1) Out of 173 countries studied, 168 countries offer guaranteed leave with income to women in connection with childbirth; 98 of these countries offer 14 or more weeks paid leave. ... The U.S. guarantees no paid leave for mothers in any segment of the work force, leaving it in the company of only 4 other nations: Lesotho, Liberia, Papua New Guinea, and Swaziland.

2) Sixty-six countries ensure that fathers either receive paid paternity leave or have a right to paid parental leave; 31 of these countries offer 14 or more weeks of paid leave. The U.S. guarantees fathers neither paid paternity nor paid parental leave.

3) At least 107 countries protect working women’s right to breastfeed; in at least 73 of these the breaks are paid.

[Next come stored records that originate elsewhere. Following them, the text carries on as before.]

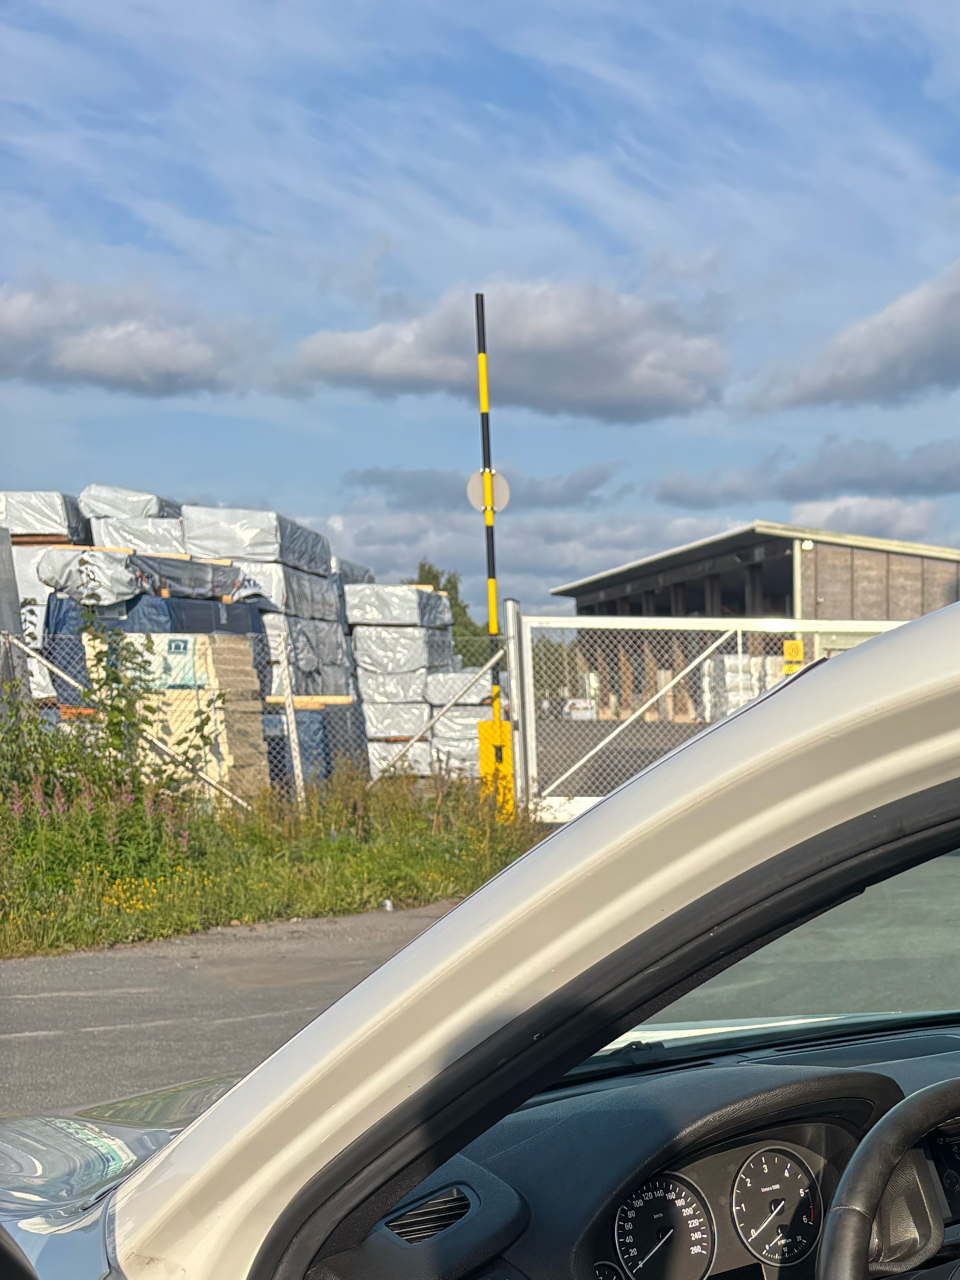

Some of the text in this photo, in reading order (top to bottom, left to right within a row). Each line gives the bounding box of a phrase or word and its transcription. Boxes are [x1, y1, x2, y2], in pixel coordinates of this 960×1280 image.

[762, 1164, 768, 1173] 3
[784, 1169, 789, 1177] 4
[746, 1178, 752, 1187] 2
[642, 1192, 653, 1200] 120
[654, 1189, 664, 1197] 140
[665, 1192, 676, 1200] 160
[799, 1188, 805, 1197] 5
[632, 1199, 643, 1208] 100
[741, 1203, 746, 1212] 1
[627, 1210, 636, 1218] 80
[681, 1207, 693, 1216] 200
[687, 1219, 699, 1228] 220
[802, 1215, 808, 1223] 6
[624, 1222, 633, 1230] 60
[625, 1235, 634, 1243] 40
[690, 1231, 702, 1240] 240
[628, 1247, 638, 1256] 20
[689, 1245, 701, 1254] 260
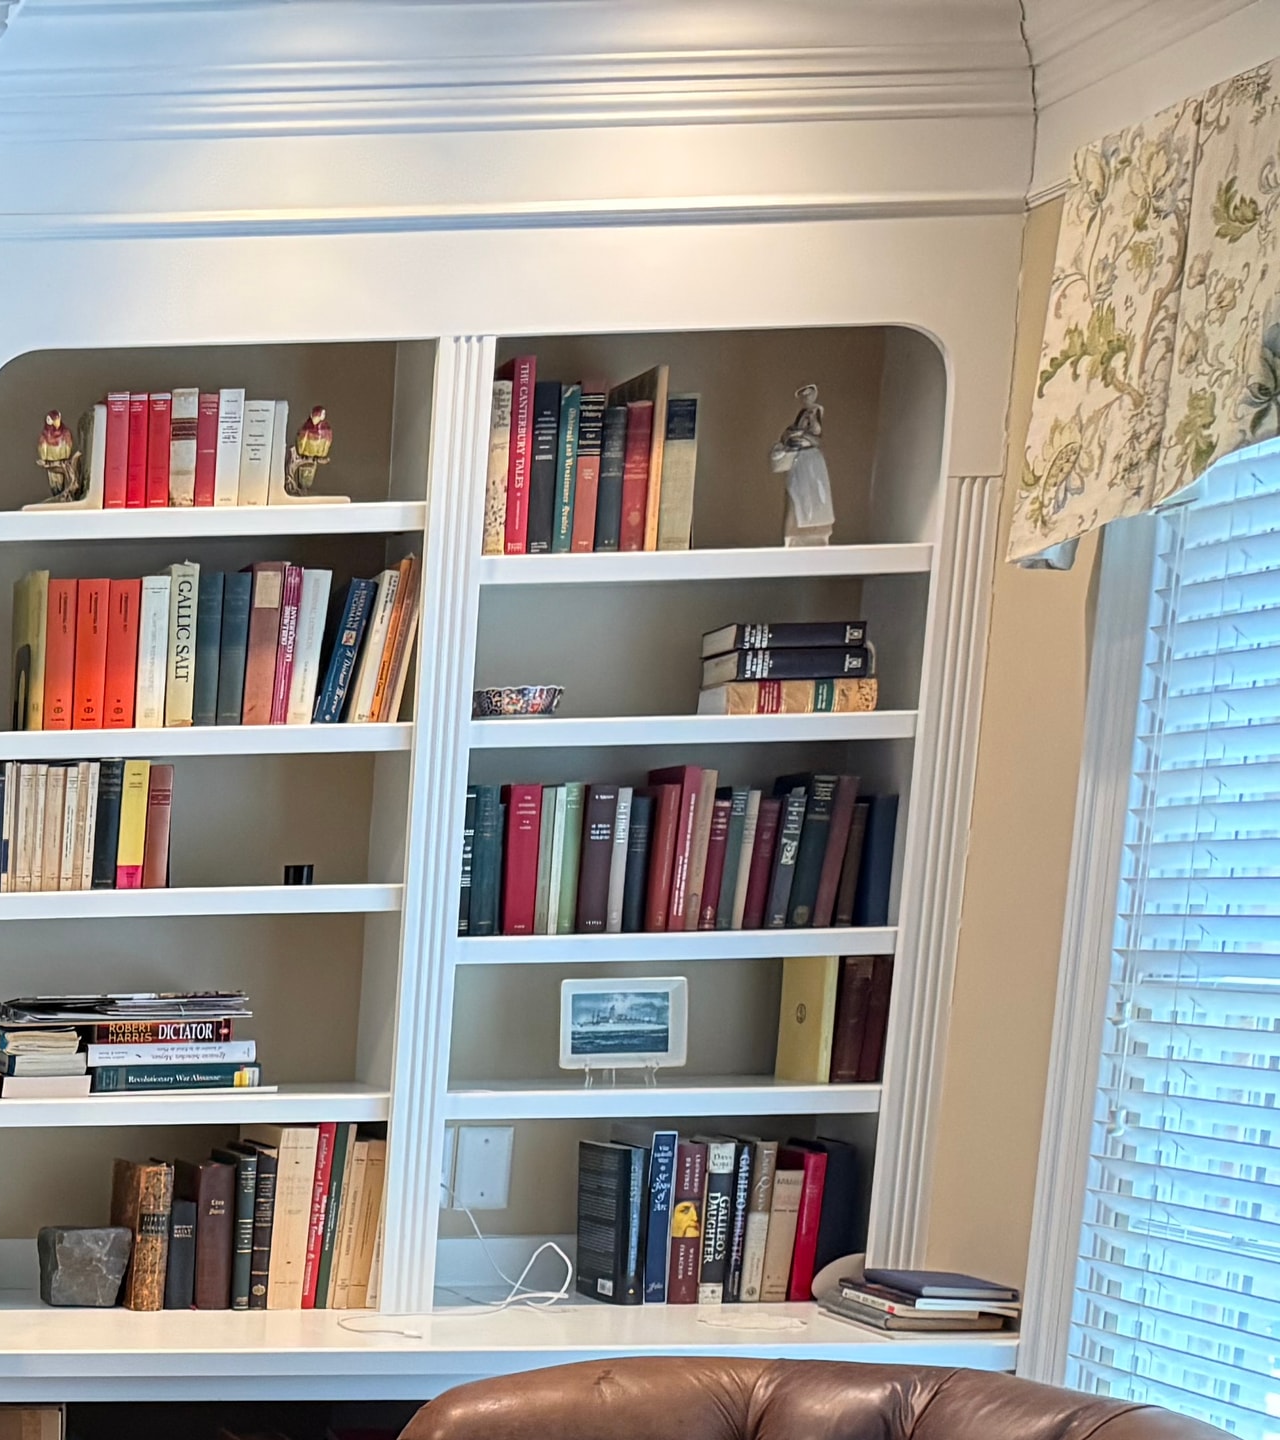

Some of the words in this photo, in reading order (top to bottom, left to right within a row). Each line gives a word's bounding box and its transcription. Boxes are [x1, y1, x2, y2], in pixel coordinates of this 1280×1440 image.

[520, 363, 530, 384] THE
[515, 386, 529, 455] CANTERBURY
[514, 457, 525, 489] TALES
[175, 579, 193, 641] GALLIC
[174, 643, 190, 683] SALT
[338, 659, 351, 687] Distant
[331, 686, 344, 714] Mirror
[108, 1022, 152, 1034] ROBERT
[108, 1032, 152, 1042] HARRIS
[158, 1023, 213, 1040] DICTATOR
[127, 1074, 175, 1084] Revolutionary
[176, 1074, 190, 1083] War
[191, 1073, 221, 1082] Almanac
[683, 1169, 692, 1191] VINCI
[692, 1154, 702, 1194] LEONARDO
[736, 1154, 751, 1209] GALILEO
[703, 1191, 721, 1265] DAUGHTER
[715, 1195, 731, 1261] GALILEO'S
[730, 1210, 745, 1266] HERETIC

The U.S. does not guarantee the right to breastfeed, even though breastfeeding is proven to reduce infant mortality.

4) 137 countries mandate paid annual leave. 121 countries guarantee 2 weeks or more each year. The U.S. does not require employers to provide paid annual leave.

5) At least 134 countries have laws that fix the maximum length of the work week. The U.S. does not have a maximum length of the work week or a limit on mandatory overtime per week.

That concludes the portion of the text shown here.